A HALLMARK MOVIE REALITY CHECK
I sit here two weeks out from Christmas, and that means two things: holiday cheer is officially in season, and my parents are, unfortunately, knee-deep in Hallmark Christmas movies.
Where are these magical little towns where the local bakery is always somehow profitable and not a single snaggle tooth or meth mouth in sight?
These movies are filled with people who look like the type that only come alive at weddings when "Livin' on a Prayer" or "Pour Some Sugar on Me" blasts through the speakers.

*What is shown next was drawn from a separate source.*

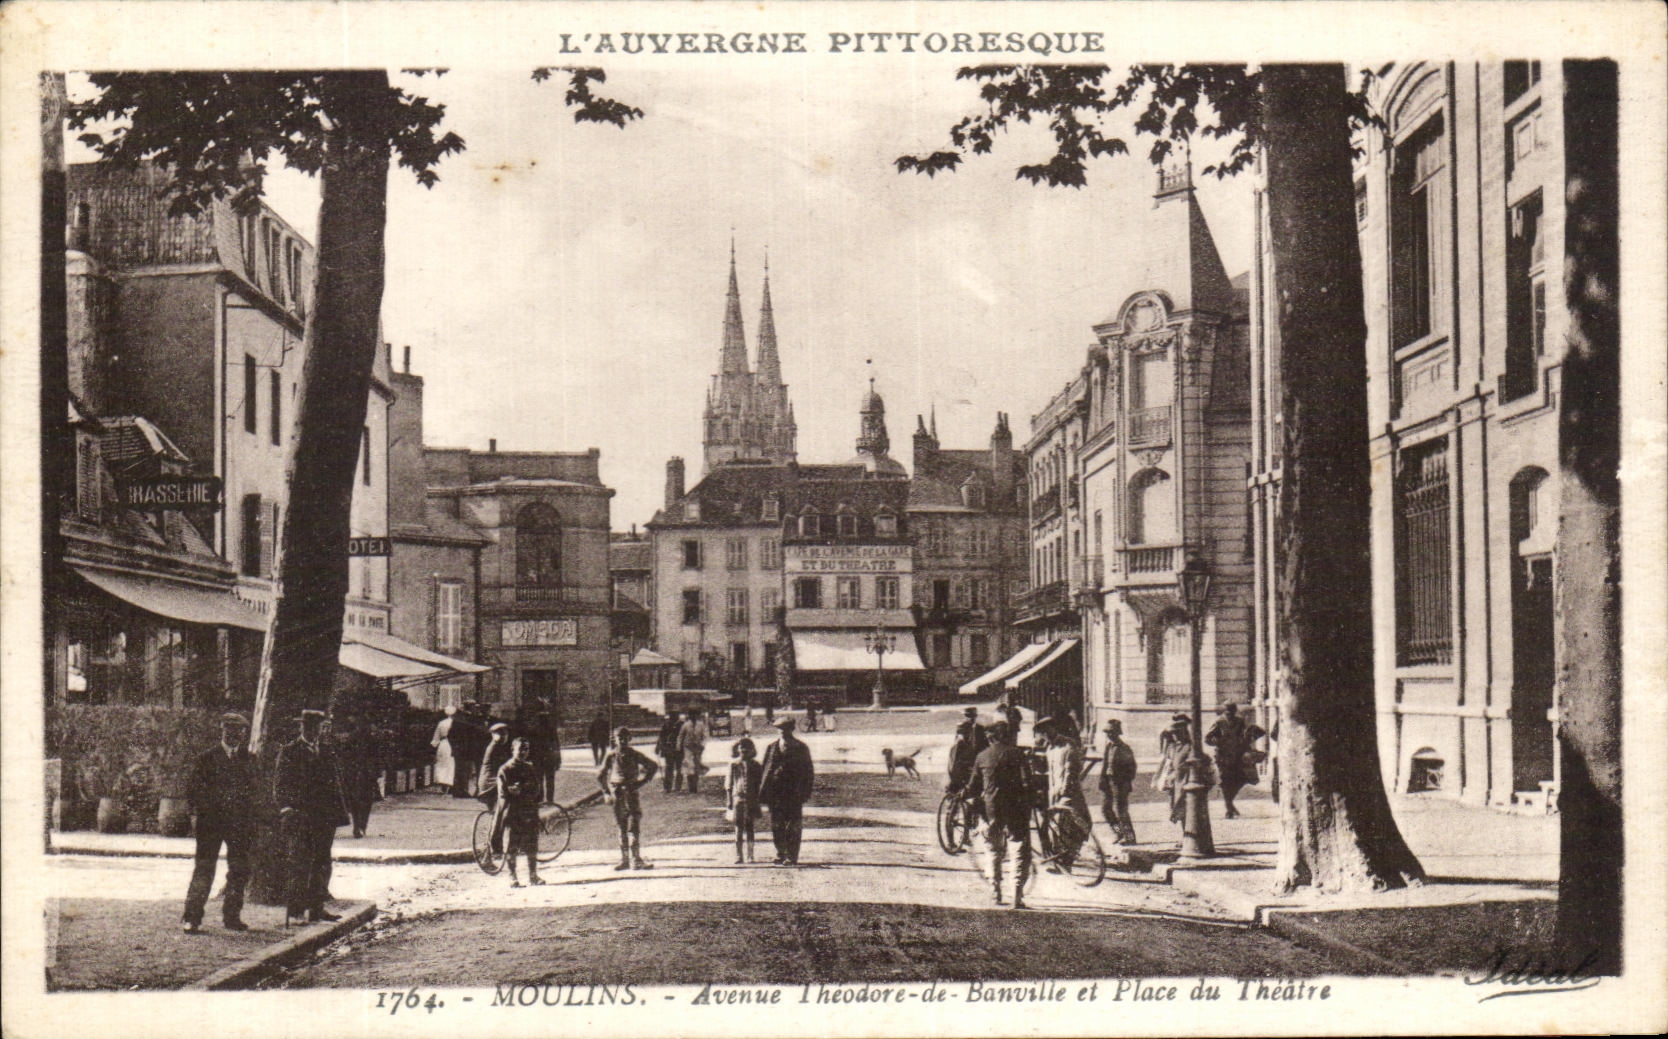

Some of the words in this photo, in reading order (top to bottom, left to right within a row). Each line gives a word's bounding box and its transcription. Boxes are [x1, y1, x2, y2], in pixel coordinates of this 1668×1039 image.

[348, 539, 387, 555] OTEL
[801, 560, 818, 571] ET
[820, 560, 836, 571] DU
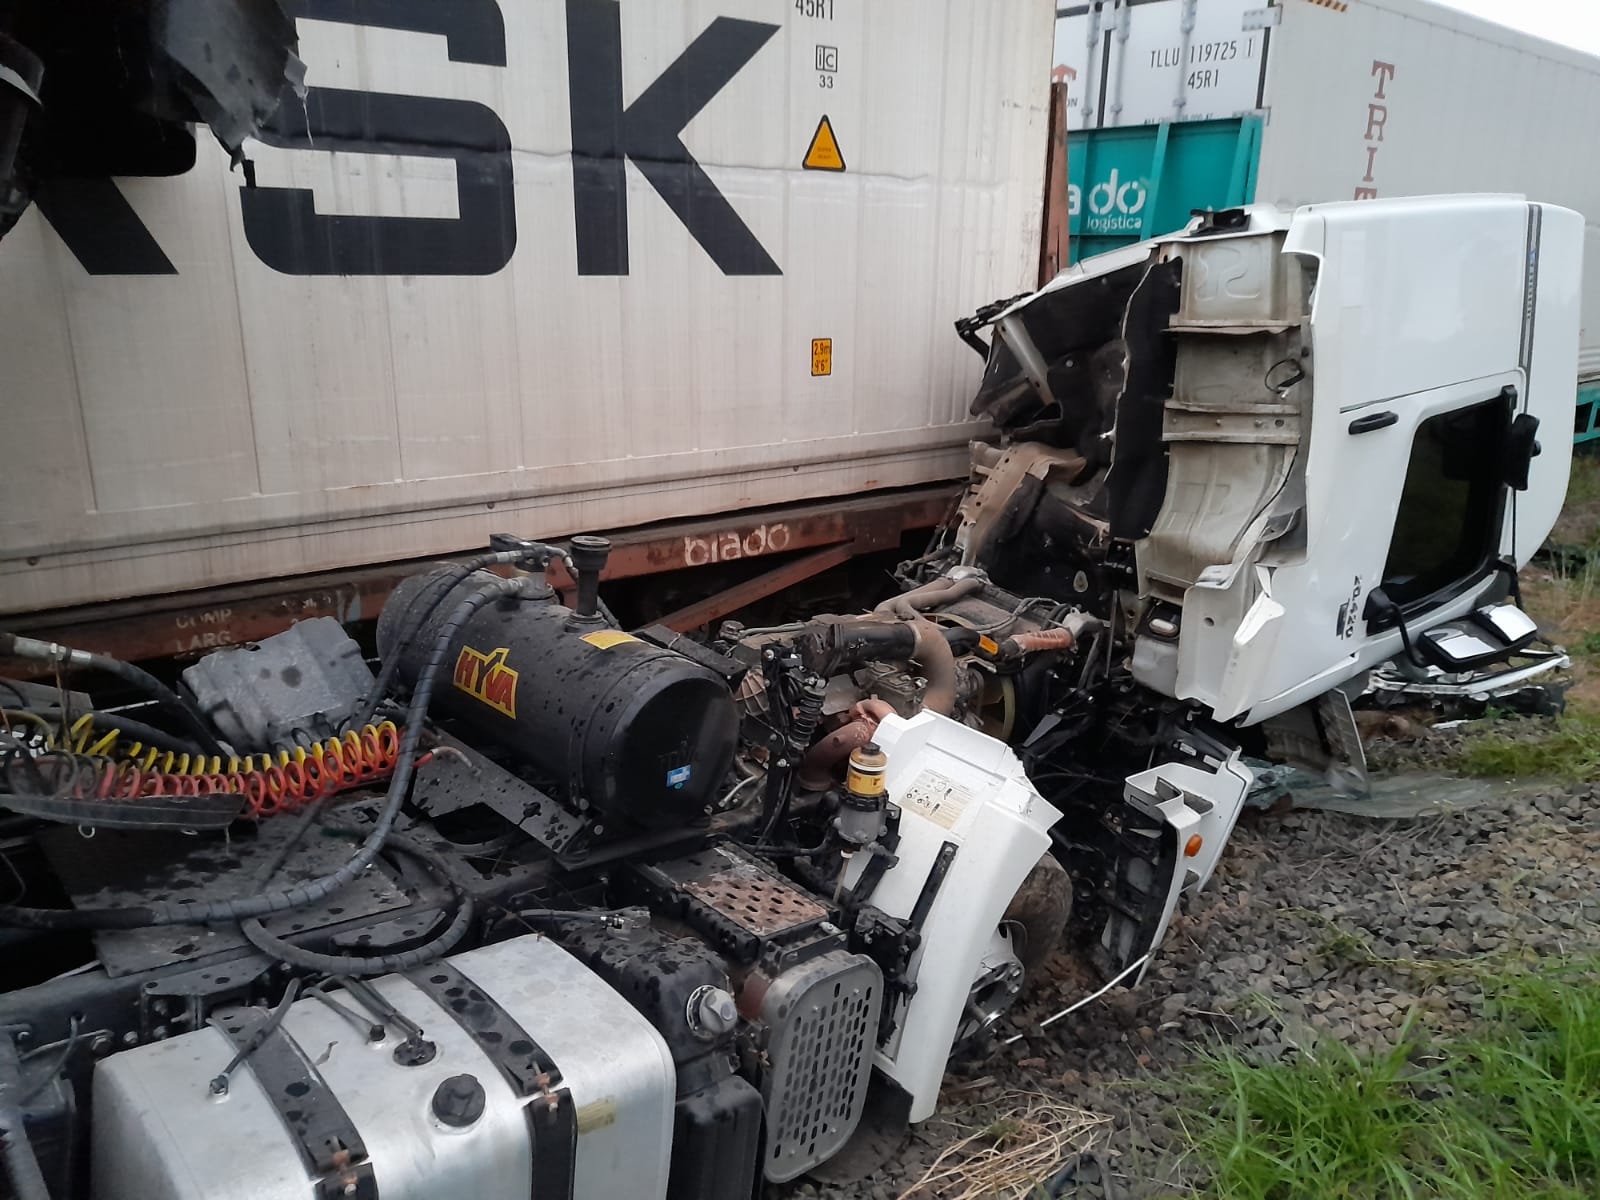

Hallmark Christmas movies are basically the cinematic version of pharmaceutical commercials. You know, the commercials that show somebody with three months to live sipping wine on a blanket and watching hot air balloons on a blanket while hoping he will get whacked off as soon as his other pill kicks in.
In the pharmaceutical and Hallmark world, nobody has a real job, but somehow they all have a new, shiny car, and problems dissolve faster than Donald Trump’s approval rating.
In Hallmark World:
Everyone has teeth whiter than Peter Centera.
There are no Dollar Generals, no Circle K’s, and definitely no vape shops with ugly neon LED strips outlining every window. You never see giant glowing signs advertising Delta-8 or Kratom.
Every town has three bakeries, and somehow all three are thriving.
You definitely won’t see a 12-foot Halloween skeleton still standing in someone’s yard.
And no MAGA Trump flags. I’m actually extremely jealous of this.
Show me a real Christmas cinema, and don’t say A Christmas Story because that movie sucks a reindeer’s ass:
A middle-class cul-de-sac where every parent cares more about travel league softball than the actual child, who is actually tired of playing 15 games every weekend.
A holiday romance that unfolds in a trailer park between an overweight white girl and a BBC as tax season is looming.
Instead, every year I’m forced to watch Winnie from The Wonder Years live her best life on what appears to be a librarian’s salary, while simultaneously trying to save her family farm that’s always minutes away from foreclosure. Then her high school crush returns as a best-selling author, billionaire, or CEO, and together they share a magical kiss at the town’s holiday parade, and her problems disappear until the next movie.
Hallmark is basically America’s most successful Christmas propaganda machine.